====== Source records

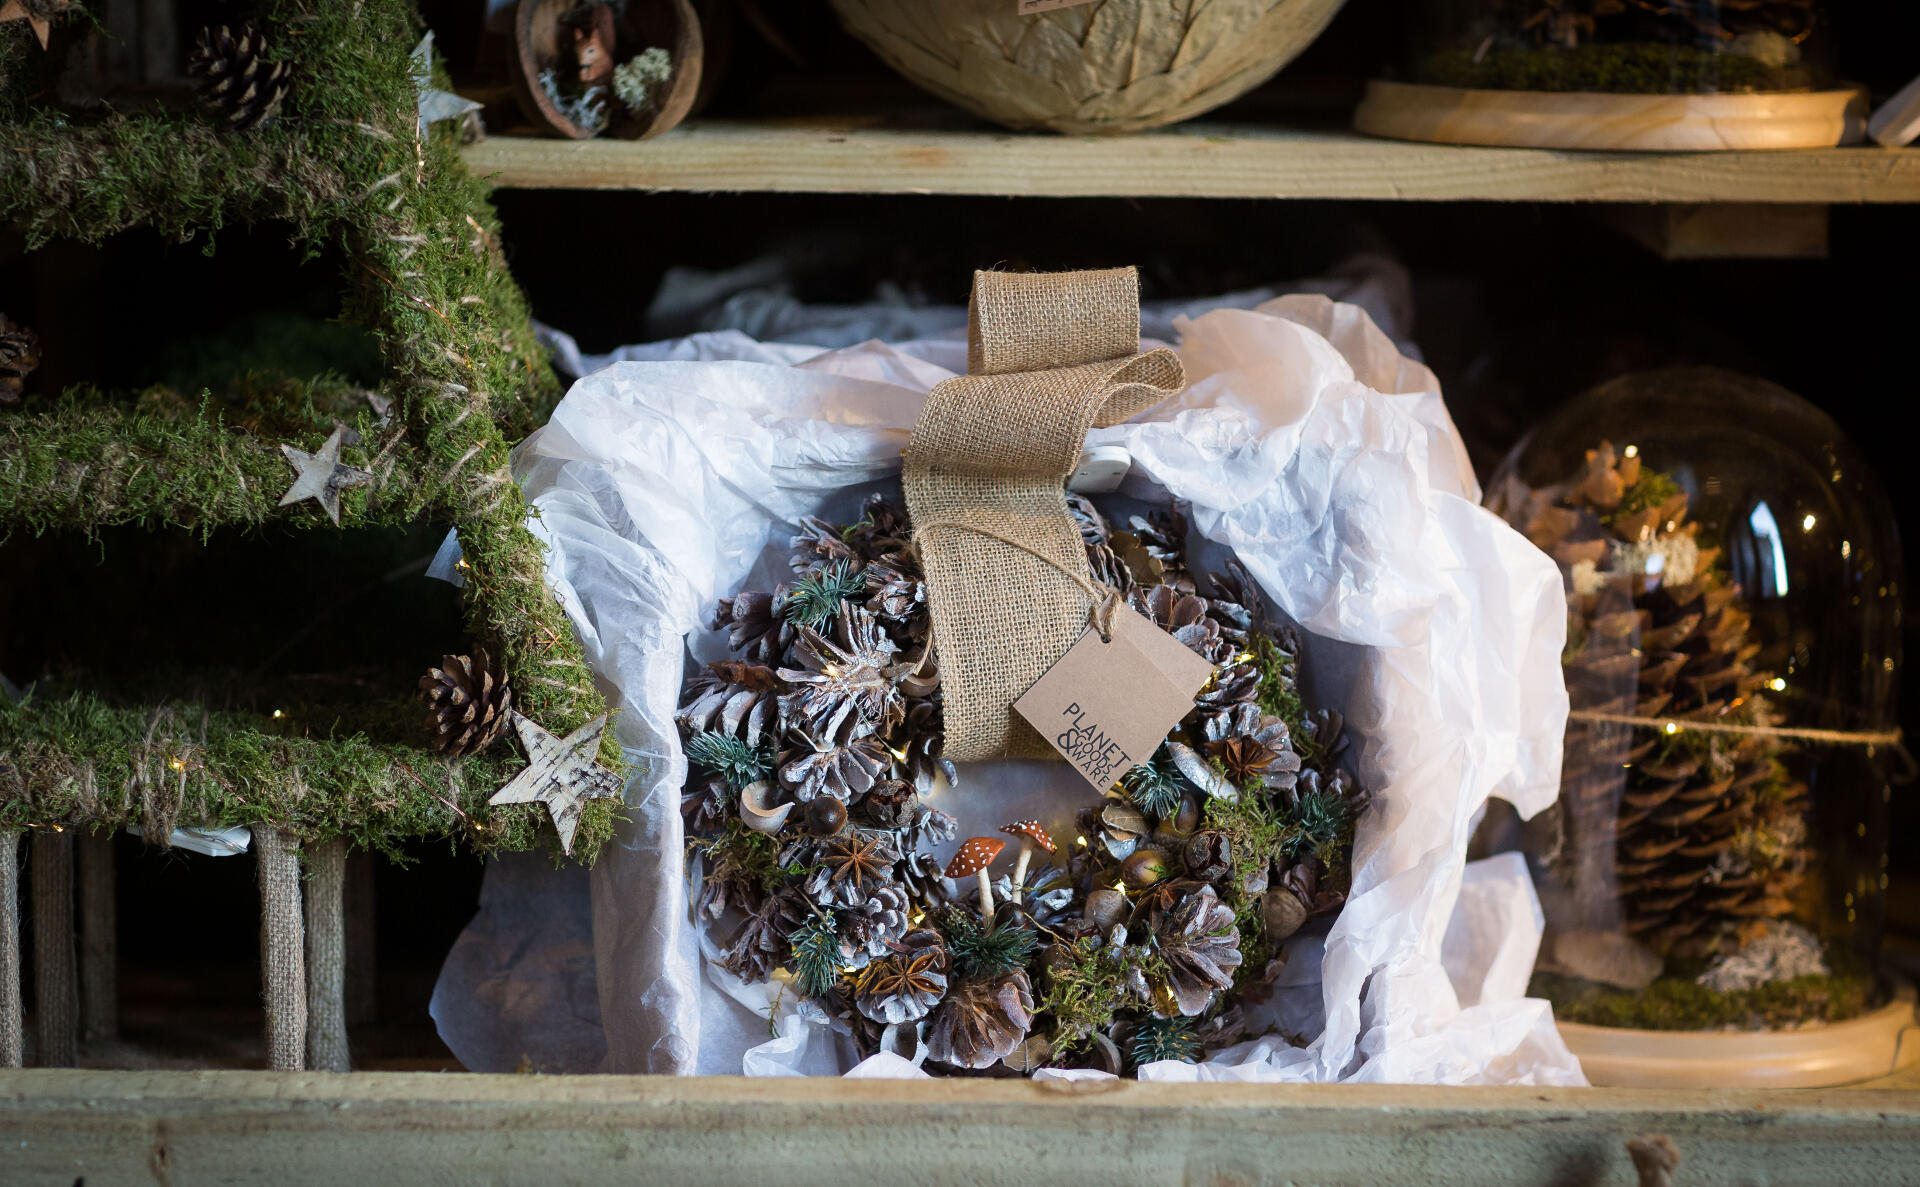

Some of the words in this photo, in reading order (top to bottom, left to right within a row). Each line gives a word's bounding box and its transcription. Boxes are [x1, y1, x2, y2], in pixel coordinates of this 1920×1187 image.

[1057, 728, 1079, 754] &
[1062, 702, 1131, 768] PLANET
[1075, 735, 1114, 775] GOODS
[1072, 747, 1110, 787] WARE
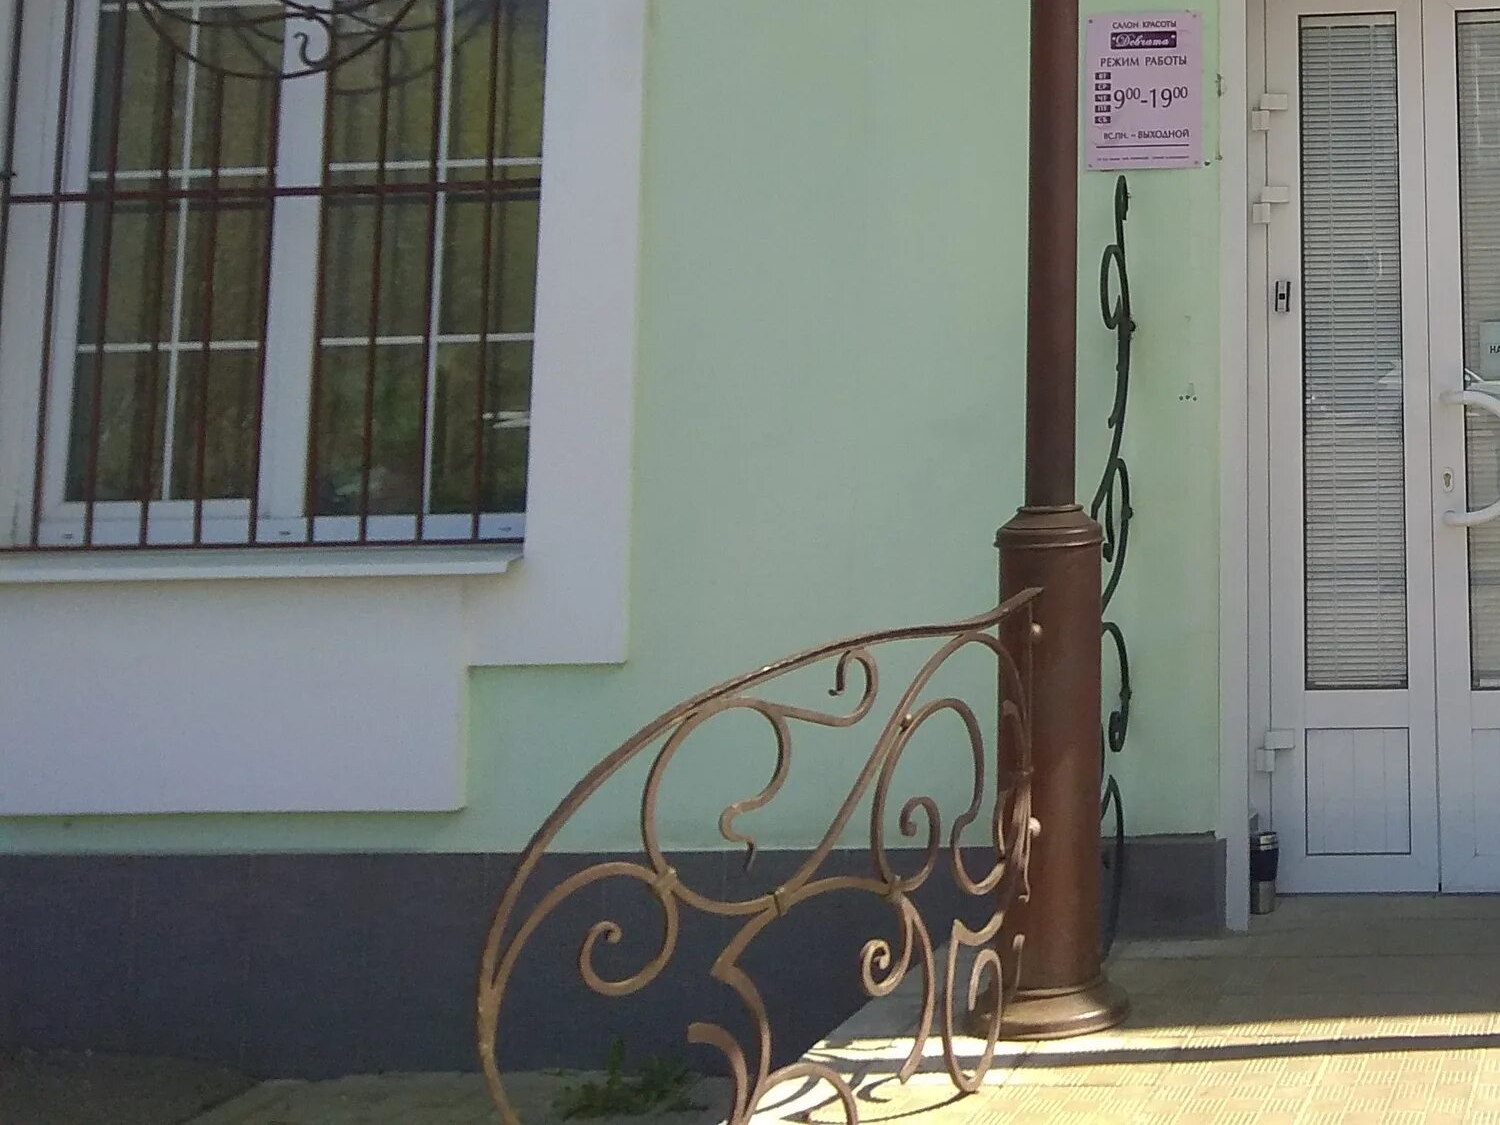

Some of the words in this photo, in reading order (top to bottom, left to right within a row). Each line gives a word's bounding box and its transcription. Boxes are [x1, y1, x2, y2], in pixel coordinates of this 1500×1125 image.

[1112, 21, 1139, 29] САЛОН
[1142, 20, 1177, 29] КРАСОТЫ
[1100, 57, 1139, 67] РЕЖИМ
[1145, 55, 1187, 66] РАБОТЫ
[1138, 129, 1190, 139] ВЫХОДНОЙ
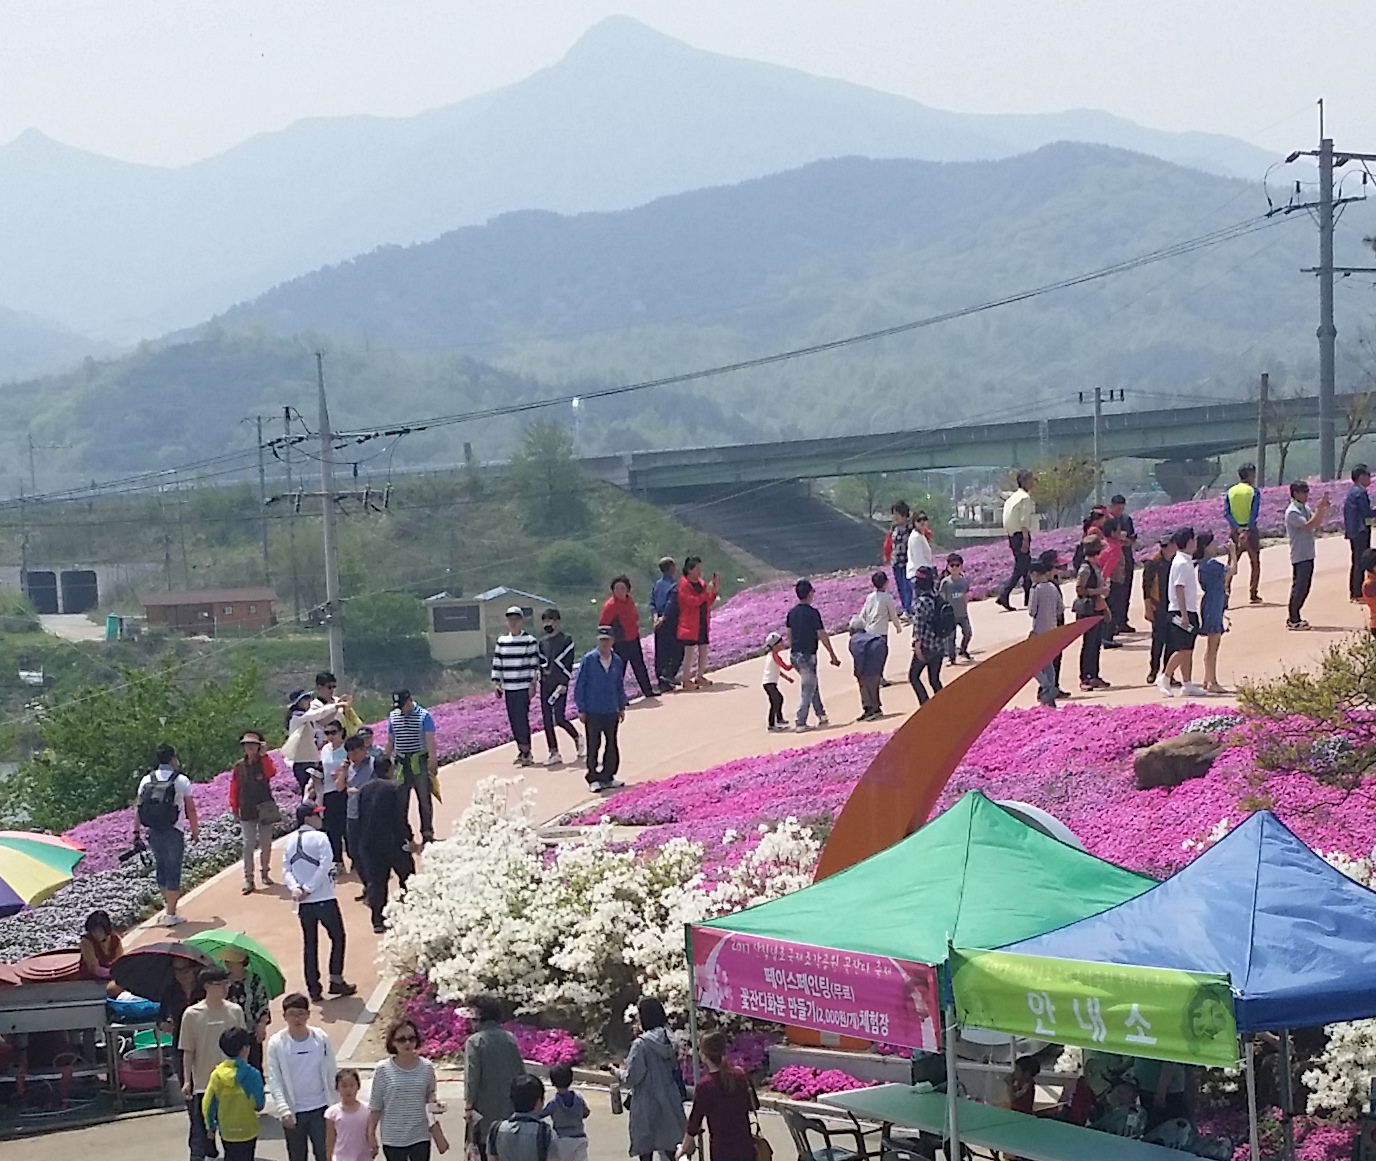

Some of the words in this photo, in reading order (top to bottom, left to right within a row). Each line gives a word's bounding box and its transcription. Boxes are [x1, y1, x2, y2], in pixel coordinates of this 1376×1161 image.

[731, 939, 750, 954] 2017
[764, 967, 855, 1003] 페이스페인팅(무료)
[740, 987, 786, 1017] 꽃잔디화분

============

All entries above, minus the pictures, should be repeated exactly.

Some of the words in this photo, in reading order (top to bottom, left to right within a row). Each line gives a word's bounding box and its transcription. Boxes are [x1, y1, x2, y2], in pixel coordinates of this 1920×1187 image.

[1057, 728, 1079, 754] &
[1062, 702, 1131, 768] PLANET
[1075, 735, 1114, 775] GOODS
[1072, 747, 1110, 787] WARE

Some of the words in this photo, in reading order (top to bottom, left to right within a row). Each line gives a word's bounding box and its transcription. Boxes are [x1, y1, x2, y2], in pixel coordinates of this 1500×1125 image.

[1112, 21, 1139, 29] САЛОН
[1142, 20, 1177, 29] КРАСОТЫ
[1100, 57, 1139, 67] РЕЖИМ
[1145, 55, 1187, 66] РАБОТЫ
[1138, 129, 1190, 139] ВЫХОДНОЙ

Some of the words in this photo, in reading order (top to bottom, left to right within a row). Each line gives a word's bounding box and its transcription. Boxes are [x1, y1, x2, y2], in pixel coordinates of this 1376×1161 image.

[731, 939, 750, 954] 2017
[764, 967, 855, 1003] 페이스페인팅(무료)
[740, 987, 786, 1017] 꽃잔디화분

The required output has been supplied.